**Task requirements**
Transcribe the records below exactly as they appear, omitting any pictures.

(Referring expression grounding data)

....................

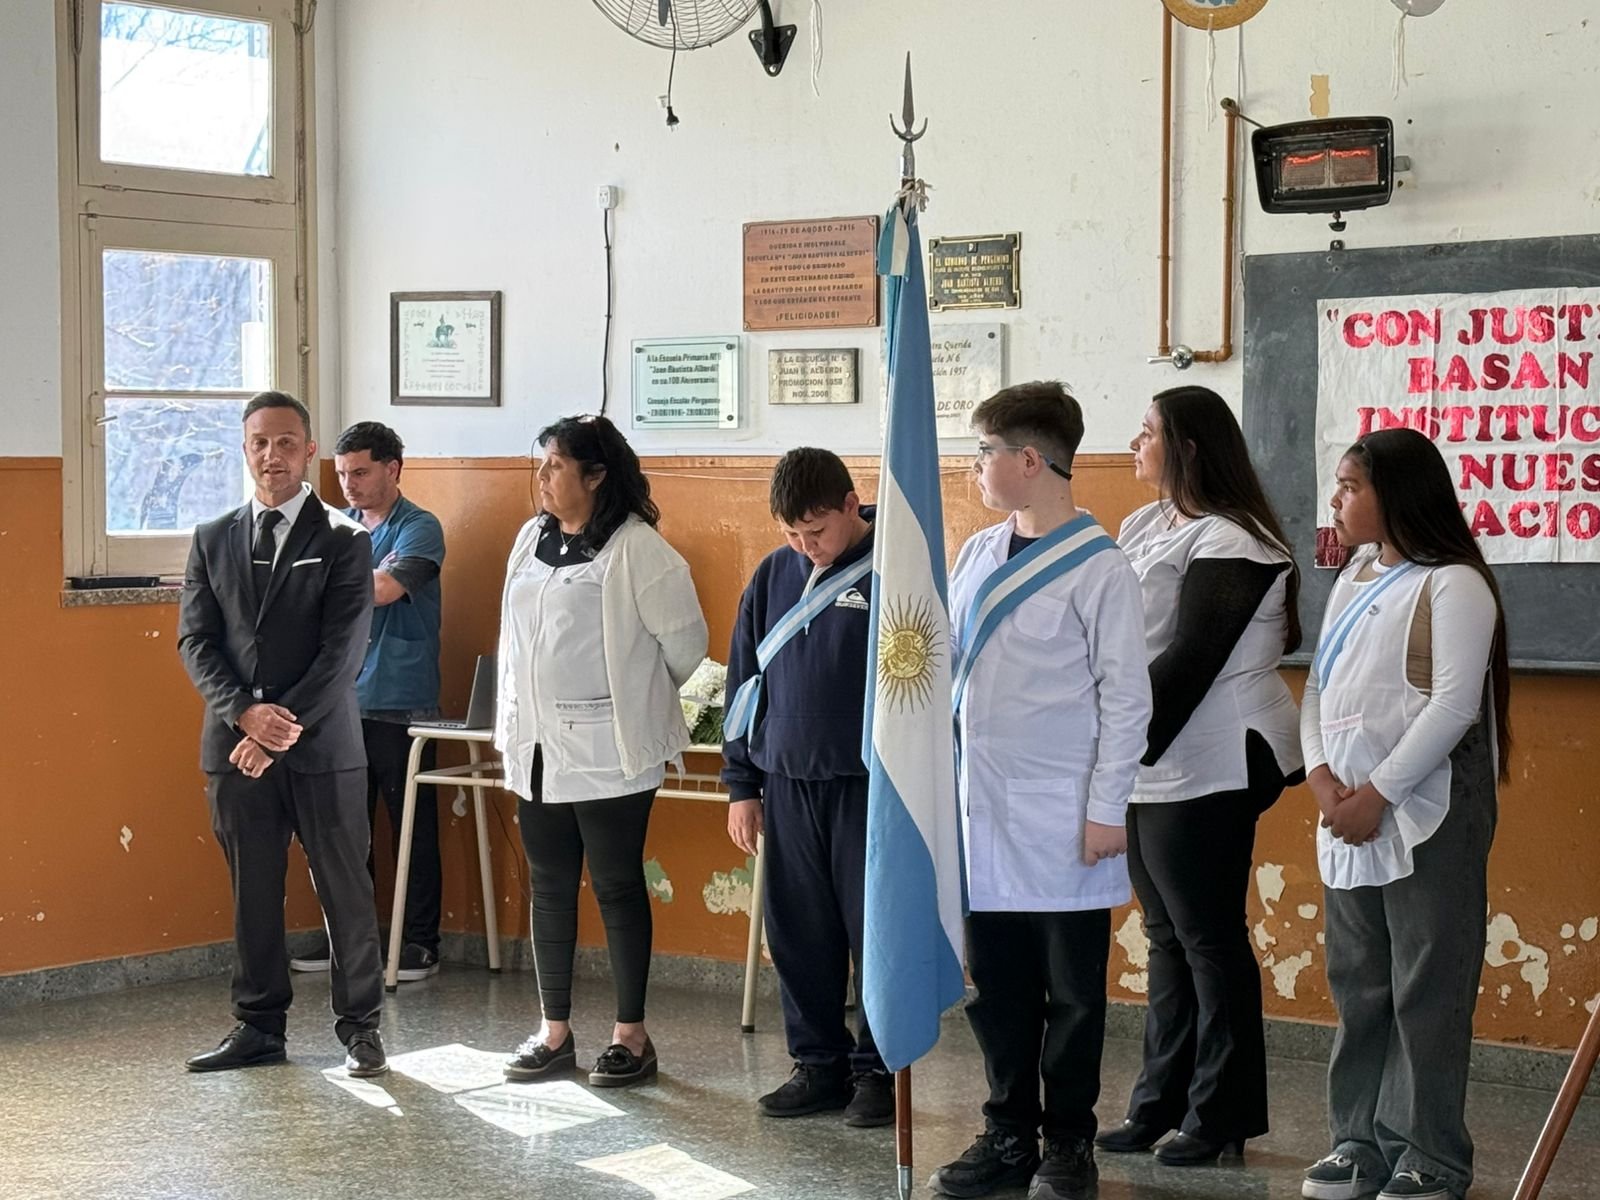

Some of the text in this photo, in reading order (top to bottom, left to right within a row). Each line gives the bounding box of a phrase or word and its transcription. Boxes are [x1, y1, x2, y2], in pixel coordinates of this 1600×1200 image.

[762, 286, 793, 294] GRATITUD
[776, 311, 840, 321] ¡FELICIDADES!
[1326, 304, 1600, 348] "CON JUST
[944, 340, 971, 350] Querida
[779, 367, 798, 375] JUAN
[810, 366, 842, 374] ALBERDI
[949, 367, 967, 376] 1957
[1408, 352, 1594, 393] BASAN
[937, 400, 974, 411] DE ORO
[1357, 405, 1600, 442] INSTITUC
[1459, 454, 1600, 491] NUES
[1458, 500, 1600, 540] ACIO
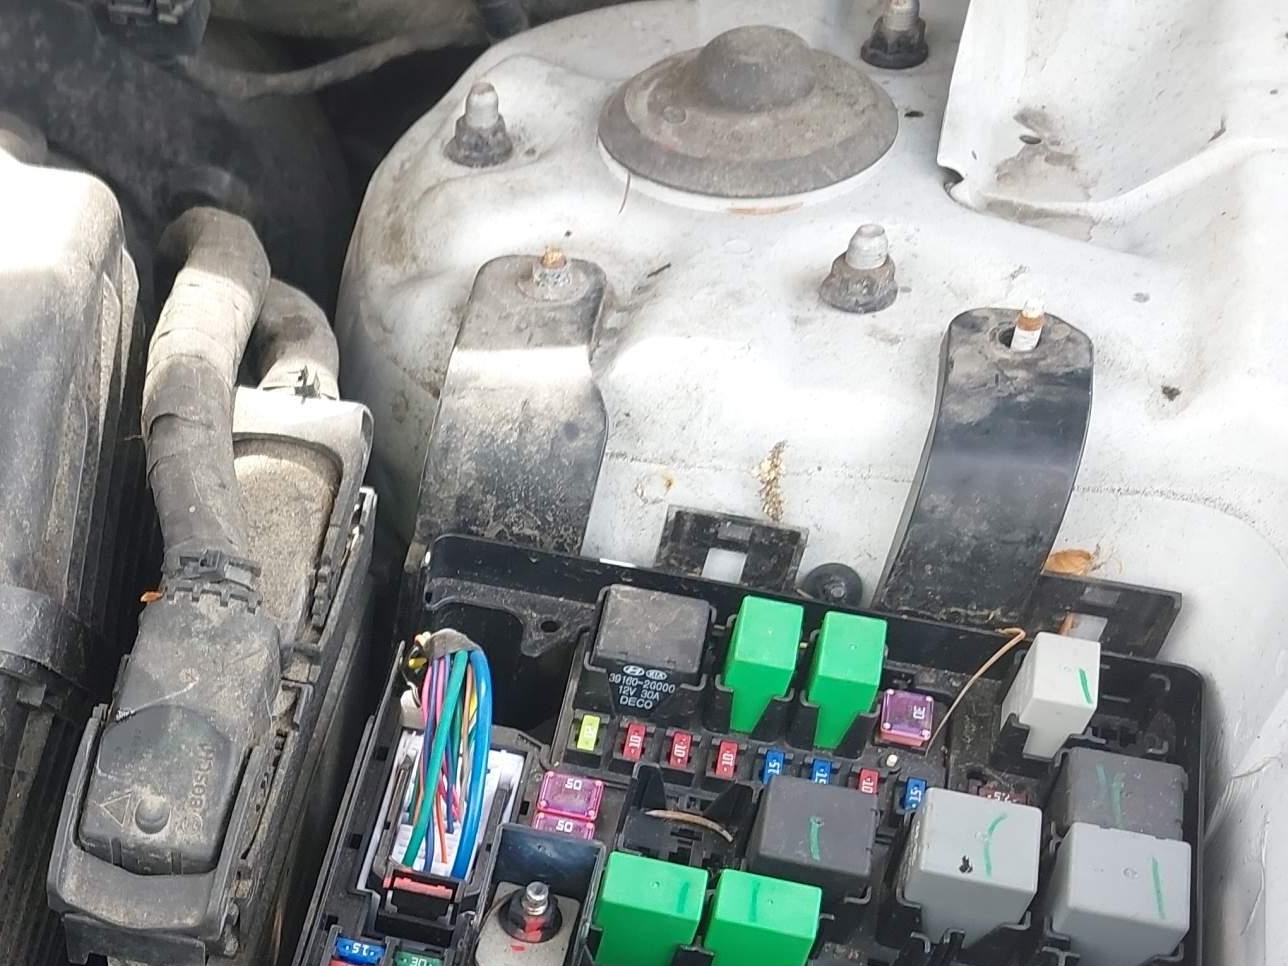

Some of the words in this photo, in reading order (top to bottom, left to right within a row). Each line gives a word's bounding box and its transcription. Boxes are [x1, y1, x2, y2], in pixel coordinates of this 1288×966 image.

[618, 685, 636, 698] 12V
[641, 688, 660, 701] 30A
[620, 695, 653, 711] DECO
[913, 705, 926, 719] 30
[565, 779, 582, 790] 50
[556, 821, 573, 832] 50
[352, 942, 369, 957] 15
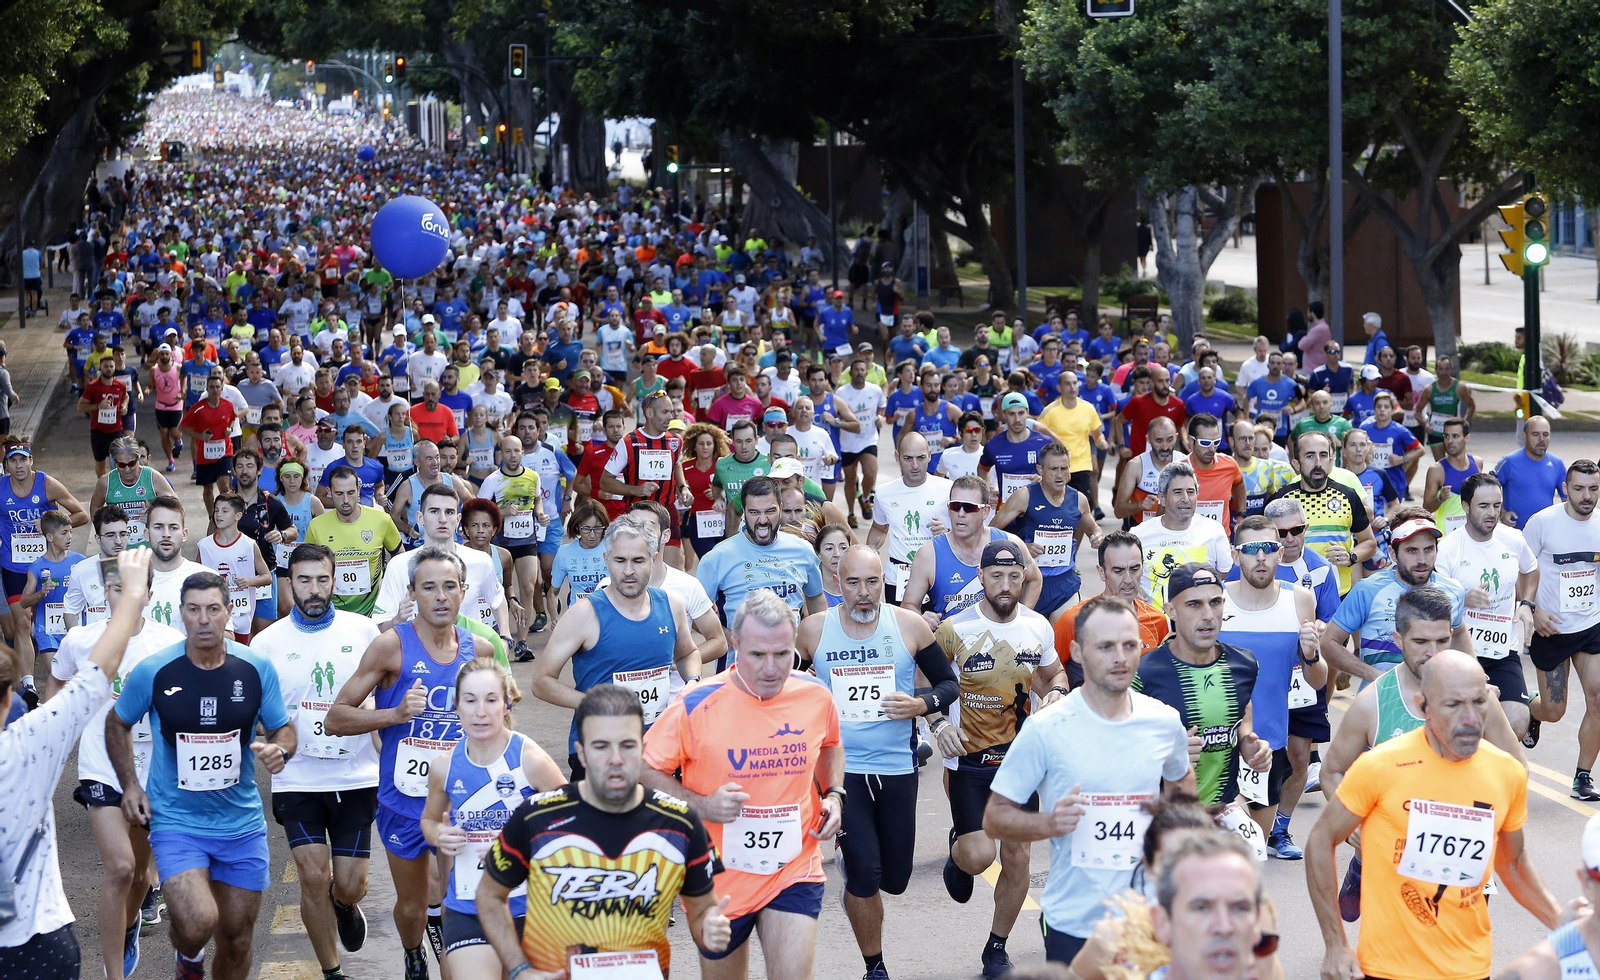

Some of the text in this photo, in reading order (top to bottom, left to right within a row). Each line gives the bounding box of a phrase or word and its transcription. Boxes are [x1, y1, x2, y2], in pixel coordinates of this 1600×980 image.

....................

**Output for this exercise**
Some of the text in this photo, in reading order (top to bottom, left to right within a row). Each line gives the bounding box of a phrase or word and its transcription. Boxes are [x1, y1, x2, y2], in pixel coordinates of this 1600×1200 image.

[762, 286, 793, 294] GRATITUD
[776, 311, 840, 321] ¡FELICIDADES!
[1326, 304, 1600, 348] "CON JUST
[944, 340, 971, 350] Querida
[779, 367, 798, 375] JUAN
[810, 366, 842, 374] ALBERDI
[949, 367, 967, 376] 1957
[1408, 352, 1594, 393] BASAN
[937, 400, 974, 411] DE ORO
[1357, 405, 1600, 442] INSTITUC
[1459, 454, 1600, 491] NUES
[1458, 500, 1600, 540] ACIO

Some of the words in this photo, in reading order (top to bottom, left to right within a row). Each line gives a word's bounding box and its transcription. Boxes are [x1, y1, x2, y2], in pixel coordinates of this 1288×966 image.

[618, 685, 636, 698] 12V
[641, 688, 660, 701] 30A
[620, 695, 653, 711] DECO
[913, 705, 926, 719] 30
[565, 779, 582, 790] 50
[556, 821, 573, 832] 50
[352, 942, 369, 957] 15

Some of the text in this photo, in reading order (top to bottom, left to right within a row). Each line gives the bounding box of a phrase or word and its transcription. Boxes are [x1, y1, x2, y2], in pixel coordinates of this 1600×980 image.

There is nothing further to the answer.